Os filhos não são culpados de terem sido gerados por suas mães. No livro, o monstro recrimina a sua mãe o fato de não ter lhe pedido permissão para criá-lo. Frankenstein deve sentir-se culpada? E as mães cujos filhos levantam essa difícil pergunta?
A última pergunta, para mim, é um problema filosófico… insolúvel? A menos que aceitemos como válida a extinção da humanidade. Só posso dizer que me parece muito tentador distribuir culpas — quem nunca fez isso? Não sei, mas talvez seja algo descabido um filho recriminar a mãe por tê-lo trazido ao mundo, salvo se for por ela não ter assumido a responsabilidade que isso implica, se for o caso. Quanto a Frankenstein, se acho que ela deve sentir-se culpada? Sim, acho que há motivos para isso. Mas devo dizer que não me parece comparável à simbólica “maternidade” da cientista com a de uma mãe que concebe e dá à luz. O que move a cientista é a ambição de alcançar o impossível e a soberba de se erigir como criadora de vida pelo método científico, suplantando Deus. Não acho que tenha muito a ver com a decisão (quando decidir é uma opção) de ser mãe. Na novela, e também quis assim no quadrinho, Frankenstein pede perdão ao monstro quando este lhe mostra o quão egoísta foi ao brincar de ser Deus, e como seu desprezo pelas consequências de seus atos causou um imenso sofrimento ao objeto de seu experimento — a quem, além disso, ela nega cruelmente qualquer humanidade. Enfim, o embrulho é enorme. E tudo por causa da inconsciência, no fim das contas, do ímpeto juvenil e vaidoso de Frankenstein.

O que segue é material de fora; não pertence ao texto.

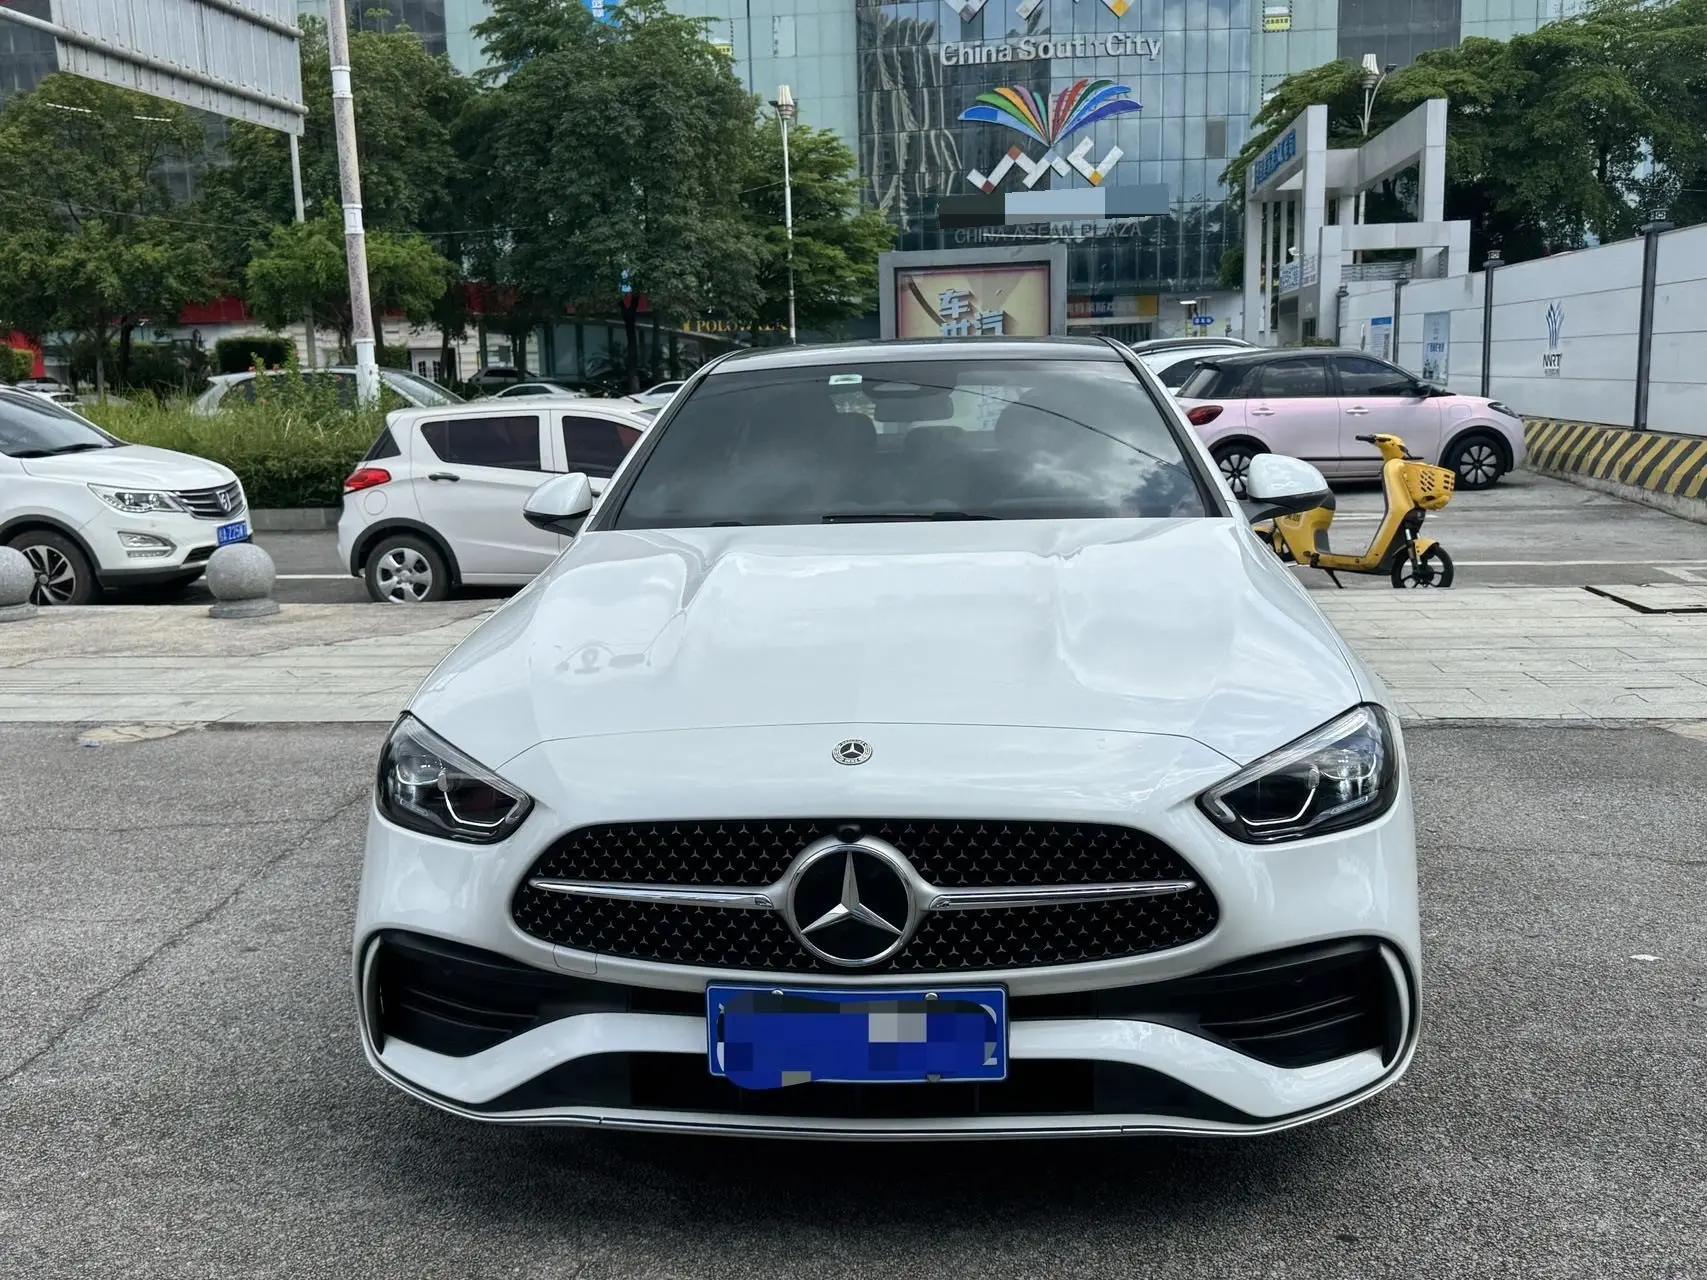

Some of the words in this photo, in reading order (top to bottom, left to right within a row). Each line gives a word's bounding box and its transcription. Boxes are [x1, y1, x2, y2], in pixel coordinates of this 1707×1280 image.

Graficamente, o livro é impressionante. O tratamento da cor, as metáforas visuais, as elipses e os recursos narrativos… As páginas em que o monstro narra sua “formação” e seu “abandono”, quando pede à sua criadora uma companheira, a viagem a Londres ou os elementos da natureza (flores, árvores, aquelas montanhas incríveis e aquelas geleiras) são realmente brilhantes. Como você pensa em tudo isso?

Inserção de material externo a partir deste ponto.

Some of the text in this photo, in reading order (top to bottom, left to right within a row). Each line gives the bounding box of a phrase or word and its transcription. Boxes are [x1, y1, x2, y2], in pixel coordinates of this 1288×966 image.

Há algo muito romântico nessas paisagens (no sentido original do termo romântico, quero dizer). As decisões e soluções gráficas são algo essencial para mim. Procurei fazer com que essas páginas em particular — e a maioria das que ilustram a viagem à Inglaterra e Escócia, com aqueles céus tempestuosos, quase apocalípticos — refletissem o estado de ânimo e psicológico da protagonista (que são terríveis). O motivo dessa viagem é uma insensatez e ela sabe disso; no fundo, não há escapatória possível. É apenas questão de tempo: aqui, mais do que nunca, infligir dano será inevitável. As paisagens, que costumam ser algo inerte, percebo como um lugar mental no qual poderiam habitar um grupo de românticos exaltados que, vencidos pelo êxtase, suicidam-se em looping e atribuem um dramatismo às montanhas que, na verdade, só habita neles. A onipresença de uma natureza arrebatadora na novela de Shelley é tal que quase atinge o status de divindade — status ao qual também aspirou a protagonista e que a conduziu à ruína total, porque ela, ao contrário dessas majestosas paisagens, é uma insignificante humana condenada a não perdurar. Como eu iria ignorar tudo isso? Foi um presente e tanto como ilustradora.

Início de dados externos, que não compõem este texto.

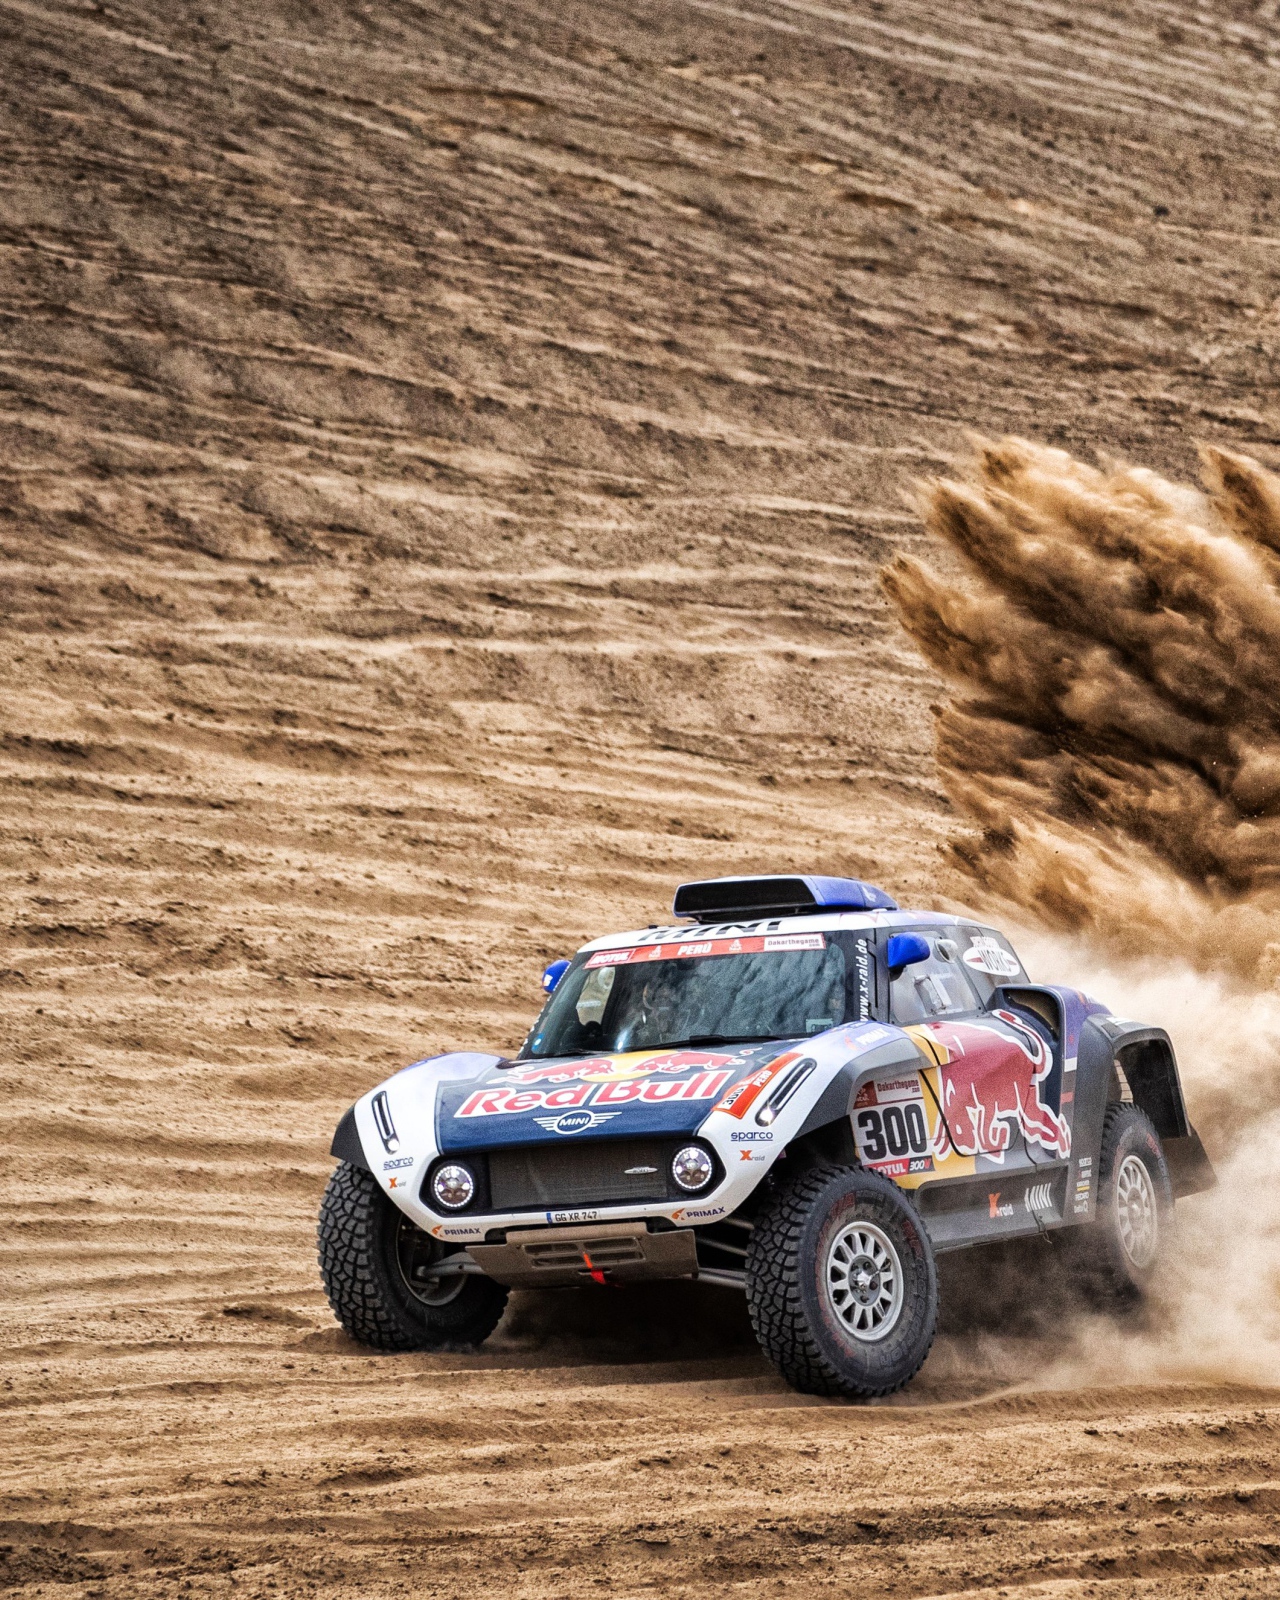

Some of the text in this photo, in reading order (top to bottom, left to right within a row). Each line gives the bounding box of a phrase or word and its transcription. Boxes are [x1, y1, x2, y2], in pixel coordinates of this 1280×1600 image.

[637, 920, 782, 942] MINI
[767, 938, 820, 946] Dakarthegame
[589, 951, 631, 965] MOTUL
[877, 1079, 919, 1092] Dakarthegame
[455, 1083, 593, 1117] Red
[591, 1070, 734, 1106] Bull
[722, 1088, 744, 1105] 300
[559, 1117, 589, 1126] MINI
[731, 1131, 774, 1142] sparco
[857, 1103, 928, 1160] 300
[383, 1156, 414, 1171] sparco
[870, 1157, 932, 1176] OTUL 300V
[1024, 1182, 1053, 1213] MINI
[554, 1210, 598, 1222] GG XR 747
[686, 1206, 726, 1218] PRIMAX
[444, 1227, 482, 1236] PRIMAX

No final, ninguém se salva na história. Que fatalismo sempre rodeia uma mãe e um filho que não se amam?
Ui, acho que essa pergunta é grande demais para mim… Talvez a desgraça de saber-se fracassado(a) em algo tão essencial e para o qual supostamente estamos programados? Sei lá…
O que você teria escrito naquele verão de 1816 se estivesse com Byron, Polidori, Percy Shelley e Mary Shelley? Ou o que teria desenhado?
Provavelmente nada, porque meu estado de embriaguez não teria permitido. A Sandra Hernández jovem, nesse ambiente, estaria bêbada quase com certeza; e a de agora teria se cansado rápido daquela gente, que, suspeito, devia ser um pouco insuportável.
Quais são seus autores favoritos do gênero gótico (literário)? Ou, se preferir, seus romances góticos favoritos.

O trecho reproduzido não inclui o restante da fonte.